Has anyone ever reacted to the Dune books the way China Mieville? After seeing Mieville mentioned by Justin Podur in a blog post I got into
Perdido Street Station and worked through other books in that series. On-line articles and interviews told me that his books were a reaction against the fantasy conventions set by J.R.R. Tolkein with the
Lord of the Rings books. In response to all-white, rural, and fuedal settings he decide to write diverse, urban, and polyarchic(?) settings.
The idea for a reversed Dune setting came to mind while reading about
Samid on
Noam Chomsky's
Fateful Triangle. What if the inhabited universe had been overtaken by the non-violent, long-suffering, forbearing ones instead of the mass-killing, Messia-following militaries?

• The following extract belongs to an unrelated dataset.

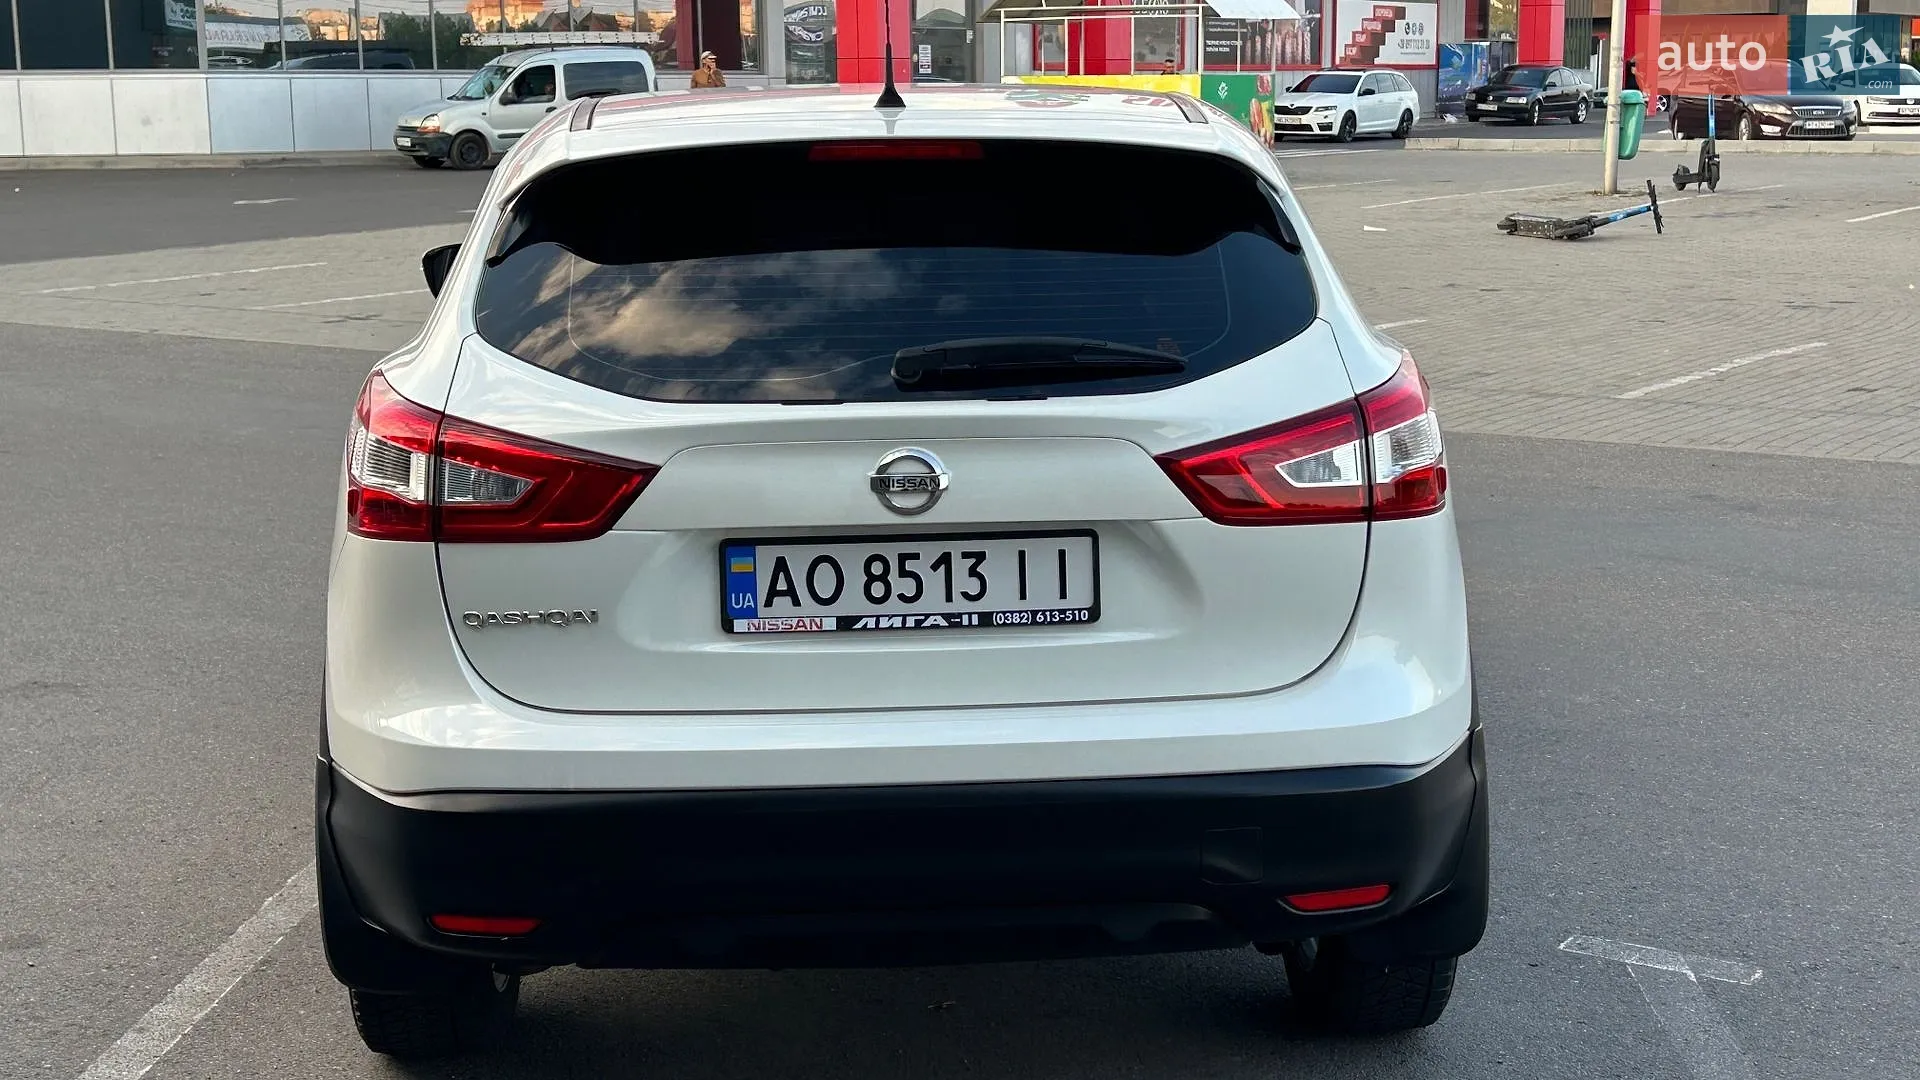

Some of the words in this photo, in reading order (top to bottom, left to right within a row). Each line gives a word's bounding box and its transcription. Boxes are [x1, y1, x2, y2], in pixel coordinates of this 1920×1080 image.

The idea of an anti-Dune, or Dune-reversal, series came to mind again while reading
Madison Smartt Bell's account of a Haitian Vodou ceremony:
The vessel was a curious affair, a pot of white enameled tin fitted into a similar tin plate, like a cup and saucer for a giant. The pot held a large amount of clear, clean, potable-looking water, as much as half a gallon. Clean water, water of any kind, is in scarce supply in Haiti, and this lack is at the bottom of many problems: communicable diseases, environmental deterioration, starvation. For such reasons, the ceremony of jété dlo was a genuine, terrible sacrifice—the unconditional offering of the most valuable thing you possessed. I took the pot and poured water three times on the ground before each portal, and when I had completed the circuit, I poured what was left on the spot of earth where I had previously been sitting. This too was an offering to Legba, and I poured in a counterclockwise circle, drawing the vévé for my journey in water on the ground.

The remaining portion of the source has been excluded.